Elle s’arrêta, non pas cette fois pour chercher ses paroles, mais évidemment par simple discrétion.

« Finissez votre phrase, lui dis-je d’un ton pressant.

— Eh bien donc, j’ai besoin de me retrouver au milieu de protestants ; ils sont plus honnêtes que les catholiques. Dans cette maison, les murailles vous voient et vous entendent, les plafonds et les planchers sont creux, les corridors ont de sourds échos dont celui qui parle ne se doute pas, et qui vibrent à l’oreille de celui qui écoute ; et, comme elle, ceux qui l’habitent ne sont que perfidie et trahison. Pour eux, le mensonge est légitime, et ils appellent politesse la fausse amitié qu’ils vous témoignent et dont ils couvrent la haine que vous leur inspirez.

— Vous parlez des élèves, répondis-je, d’enfants sans expérience qui n’ont pas encore appris à distinguer ce qui est bien de ce qui est mal.

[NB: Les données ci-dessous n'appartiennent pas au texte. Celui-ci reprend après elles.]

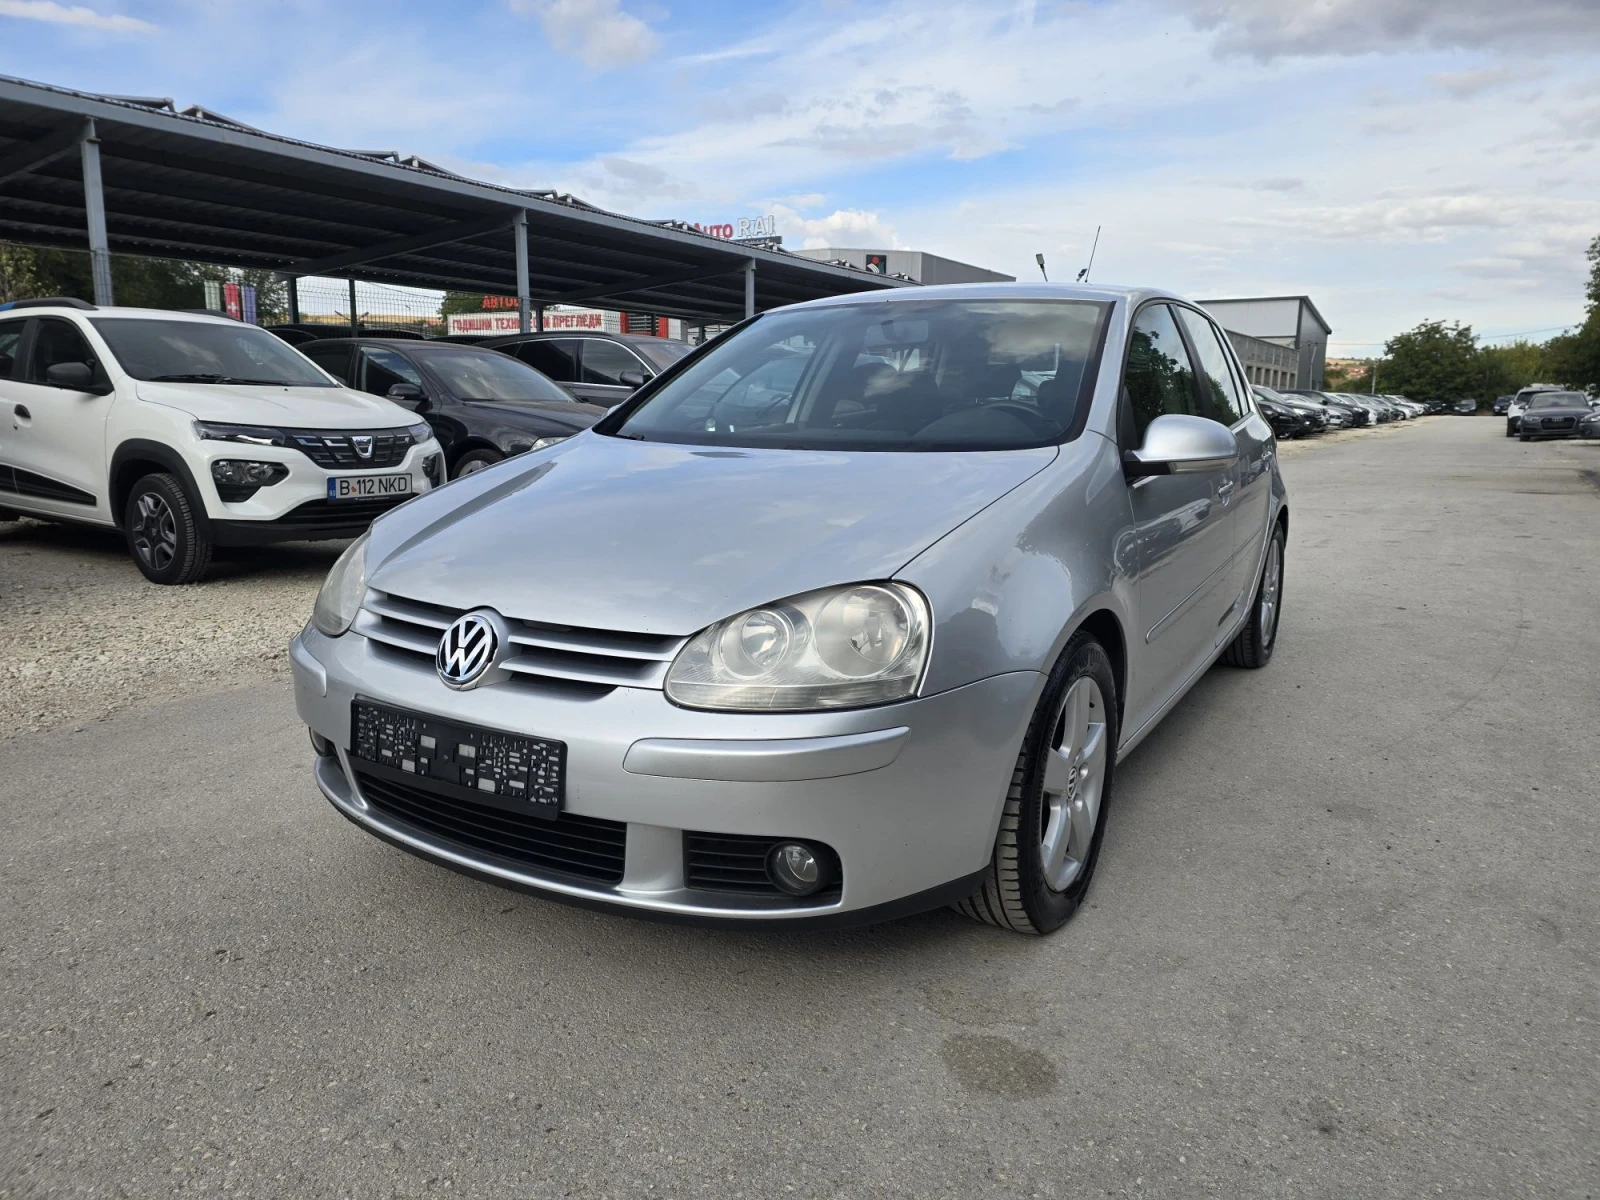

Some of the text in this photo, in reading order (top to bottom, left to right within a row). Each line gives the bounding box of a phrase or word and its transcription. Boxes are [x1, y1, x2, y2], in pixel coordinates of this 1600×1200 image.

[552, 313, 602, 329] ПРЕГЛЕДИ
[340, 480, 350, 496] B
[357, 478, 375, 495] 112
[379, 476, 408, 494] NKD

— Au contraire, monsieur, les enfants sont toute sincérité ; ils n’ont pas encore eu le temps d’apprendre la dissimulation ; ils mentent parfois, mais sans aucun artifice, et chacun voit lorsqu’ils font un mensonge, tandis que les grandes personnes trompent tout le monde, et le font à bon escient.

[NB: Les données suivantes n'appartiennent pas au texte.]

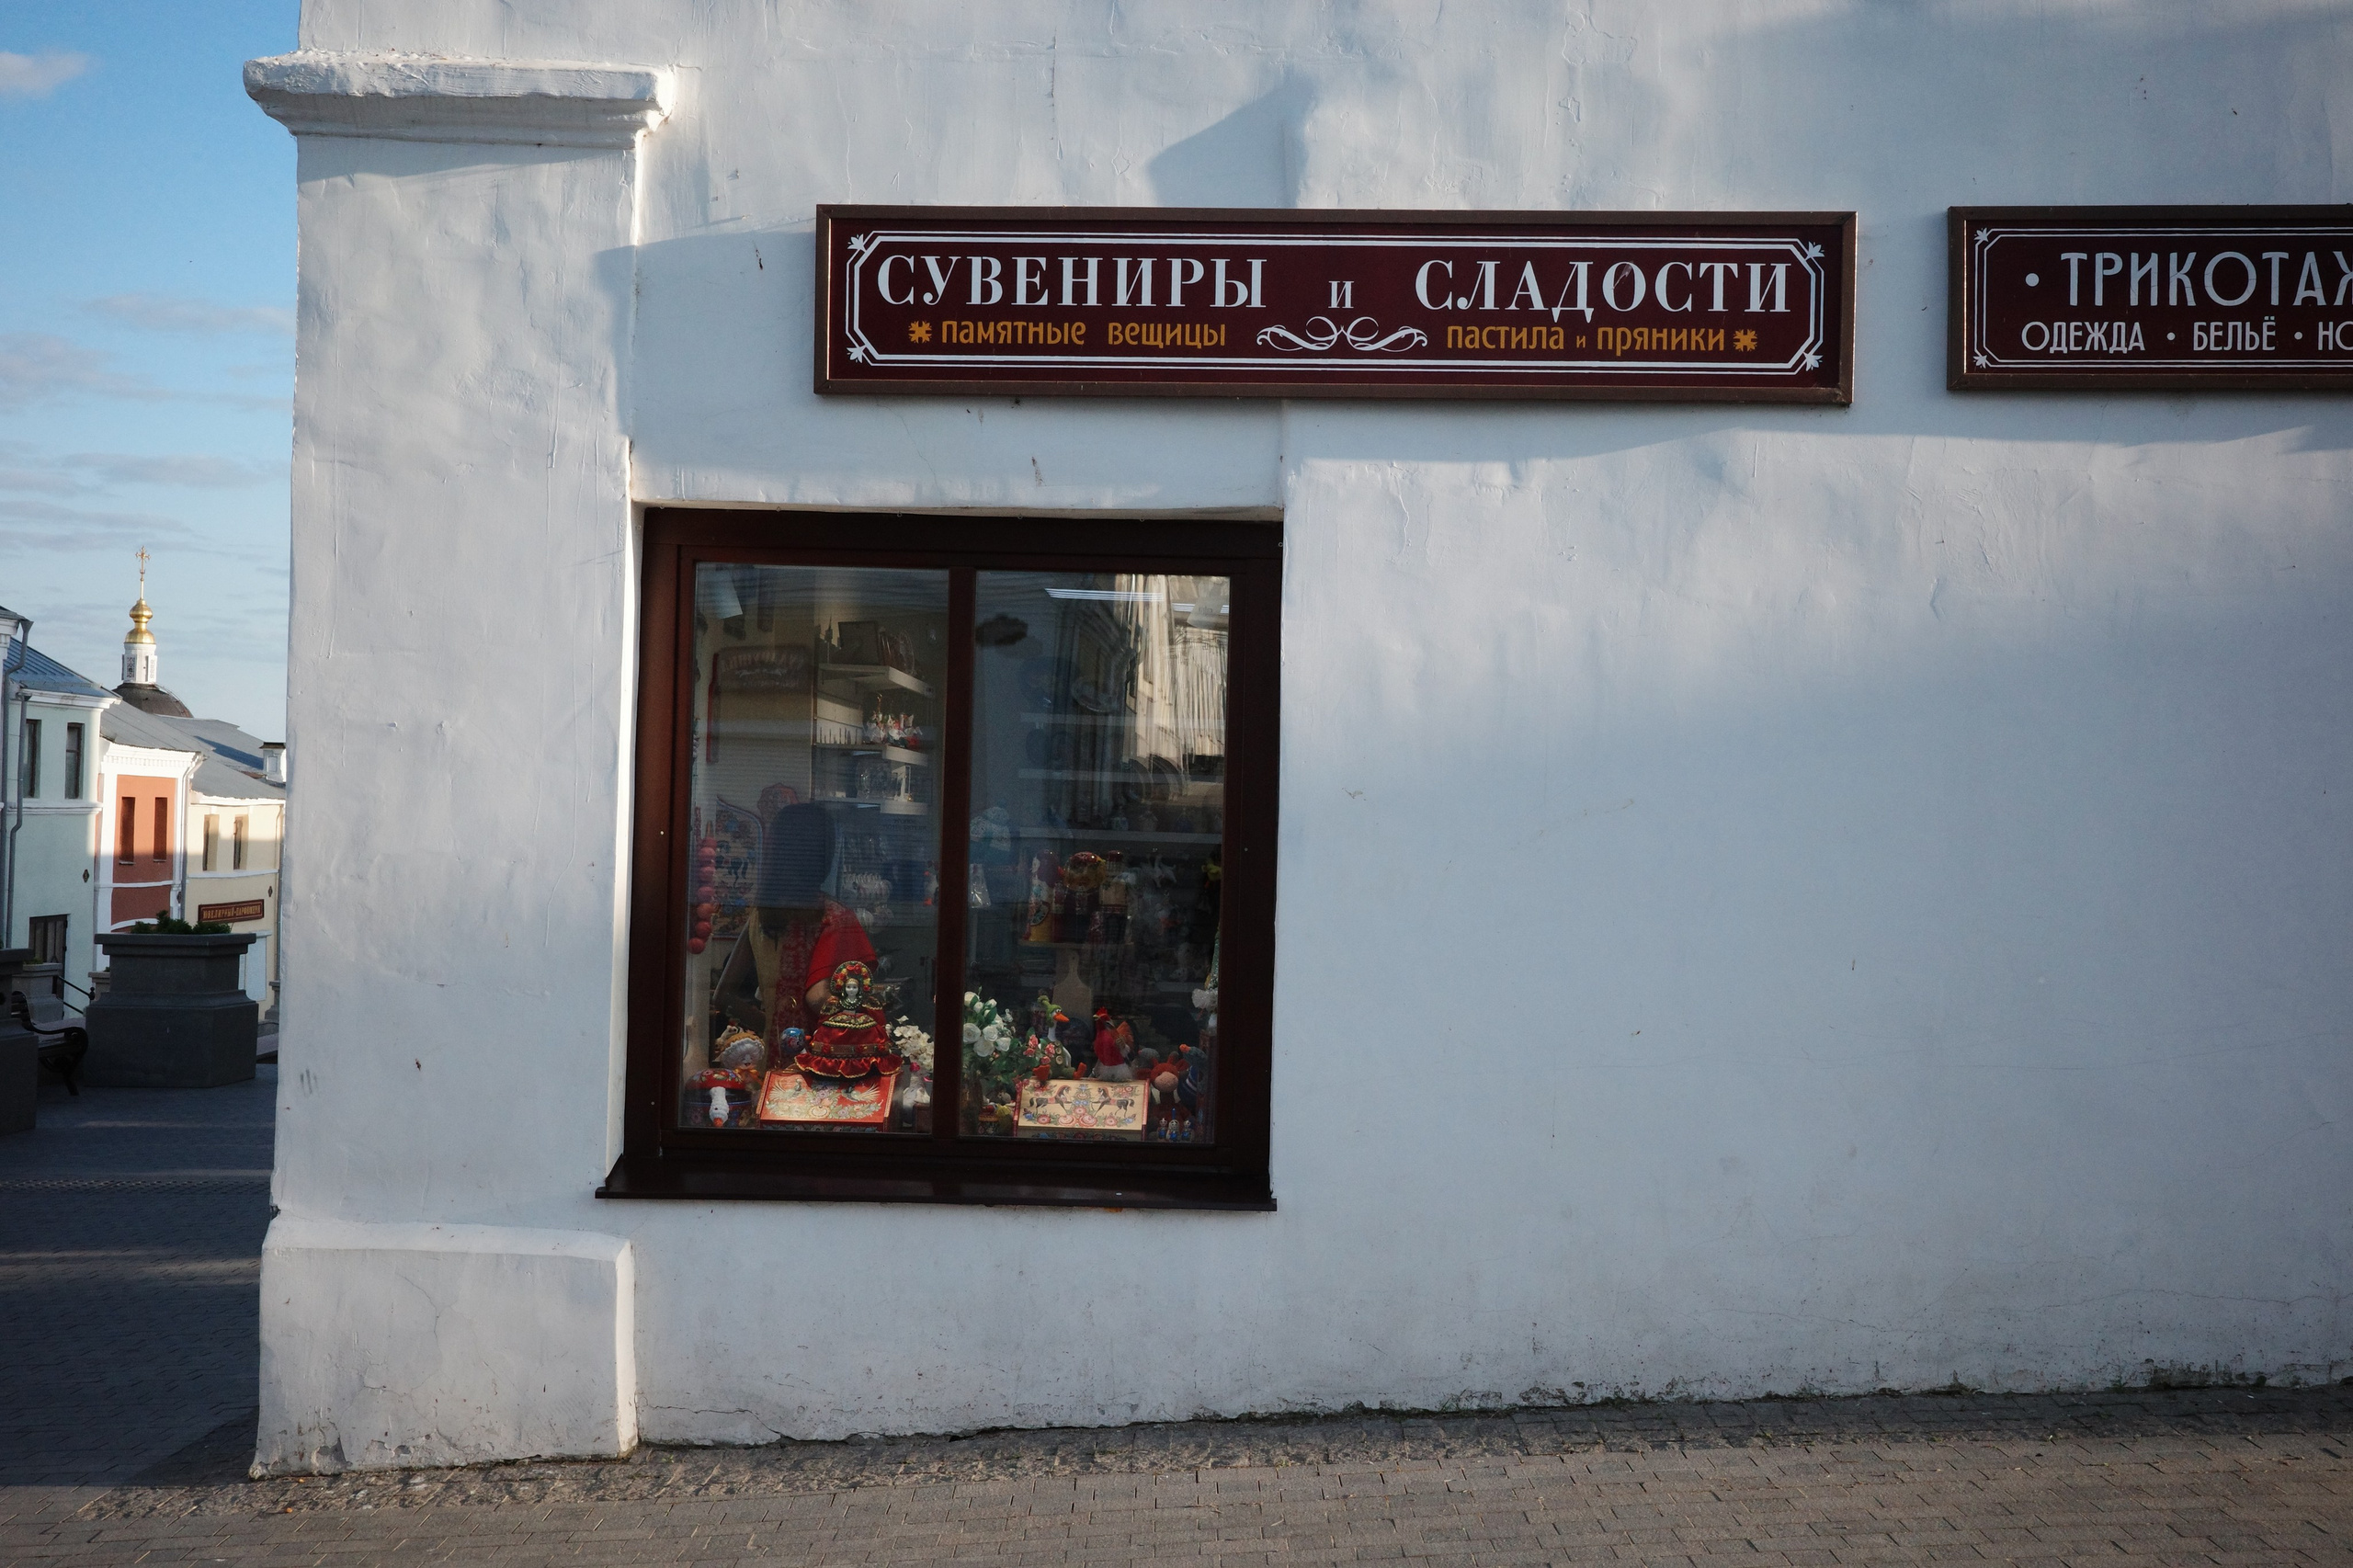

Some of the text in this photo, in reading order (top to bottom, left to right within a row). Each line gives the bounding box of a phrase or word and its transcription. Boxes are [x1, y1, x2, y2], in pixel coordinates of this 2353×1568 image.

[877, 255, 1267, 308] СУВЕНИРЫ
[1415, 259, 1792, 323] СЛАДОСТИ
[941, 320, 1226, 349] памятные вещицы
[1447, 325, 1725, 357] пастила и пряники
[2021, 321, 2145, 354] ОДЕЖДА
[2193, 315, 2276, 351] БЕЛЬЁ

— Mademoiselle Henri, dit une servante qui entra dans la classe, Mlle Reuter vous prie de vouloir bien reconduire la petite de Dorlodot qu’on n’est pas venu chercher ; elle vous attend dans le cabinet de la portière et vous prie de vous hâter.

— Est-ce que je suis la bonne de cette petite ? » demanda Mlle Henri. Un sourire amer et plein d’ironie, que j’avais déjà vu sur ses lèvres, compléta sa pensée. Toutefois elle se leva précipitamment et sortit aussitôt.